La obediencia consiste en aceptar la voluntad del superior. Tenemos superiores más próximos, pero en última instancia vamos a encontrar siempre a Dios, puesto que quien manda es responsable ante Dios de lo mandado.
Pero otra cosa somos nosotros… ¡Cuánto nos cuesta obedecer! Y nos cuesta porque estamos llamados a ser la cumbre de la creación. Se nos ha concedido ser señores de todo lo creado aquí en la tierra, estamos creados para regir. Pero lo que no entendemos o al menos entendemos mal, es que todo aquel que manda tiene también un superior a quien obedecer.
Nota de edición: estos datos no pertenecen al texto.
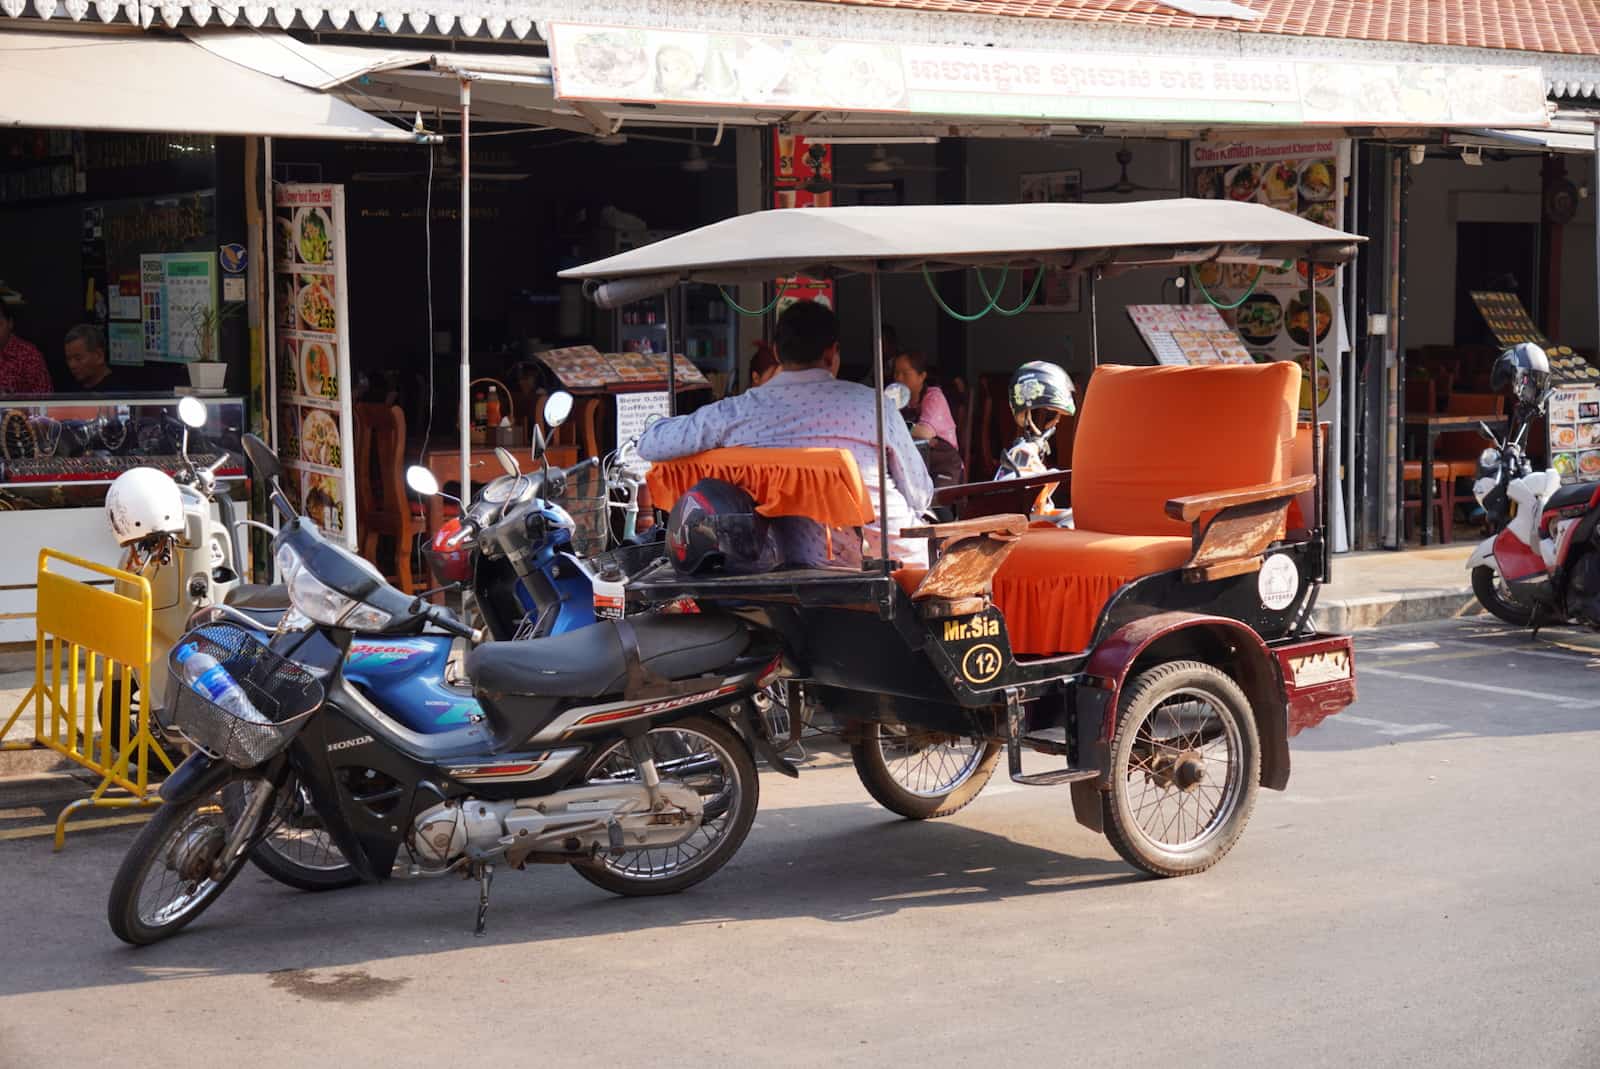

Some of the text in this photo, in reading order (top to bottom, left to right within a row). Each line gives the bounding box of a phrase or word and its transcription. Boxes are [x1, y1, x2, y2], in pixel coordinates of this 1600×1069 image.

[943, 615, 1000, 641] Mr.Sia
[975, 652, 995, 675] 12
[327, 735, 376, 752] HONDA
Todos a excepción de Dios: Principio de  autoridad. Y esta malinterpretación de la autoridad en la que estamos sumidos se debe al Pecado Original, que ha dejado en nosotros cicatrices entre las cuales se encuentra esa inclinación a la desobediencia.
Ahora bien. Sabiendo Dios lo mucho que nos cuesta obedecer, utiliza con nosotros la Pedagogía Divina. Esta Pedagogía consiste en dar el ejemplo: Jesús, quien es Dios, nos da la demostración más extrema de obediencia, una obediencia que conduce a la muerte, a dar la vida entera asumiendo los sufrimientos más intensos. Y Jesús, pese al miedo, al dolor, a la soledad obedece: “Padre, que no se haga mi voluntad sino la tuya”.
¿Y qué gano yo obedeciendo? La salvación. Es así de simple: Tenemos que obedecer porque no somos perfectos, y para hacer las cosas bien tenemos que recurrir a otros que, en ciertas situaciones saben o son conscientes de lo que nosotros no.
Hay una frase que ilustra mucho mejor todo esto: “quien obedece nunca se equivoca”. Y es así, el que se equivoca es el que ejerce la autoridad.
La obediencia, como toda virtud, se adquiere con la repetición de actos, en este caso actos de obediencia. Obedecer a nuestros padres, a nuestros profesores, a aquellos que tienen más experiencia en esta o aquella situación.
Pero ¿Cuál es el límite de la obediencia? Así como el principio de autoridad es Dios, también en Él encontramos los límites de la obediencia. Hay que obedecer pero siempre y cuando no vaya en contra de los mandatos divinos.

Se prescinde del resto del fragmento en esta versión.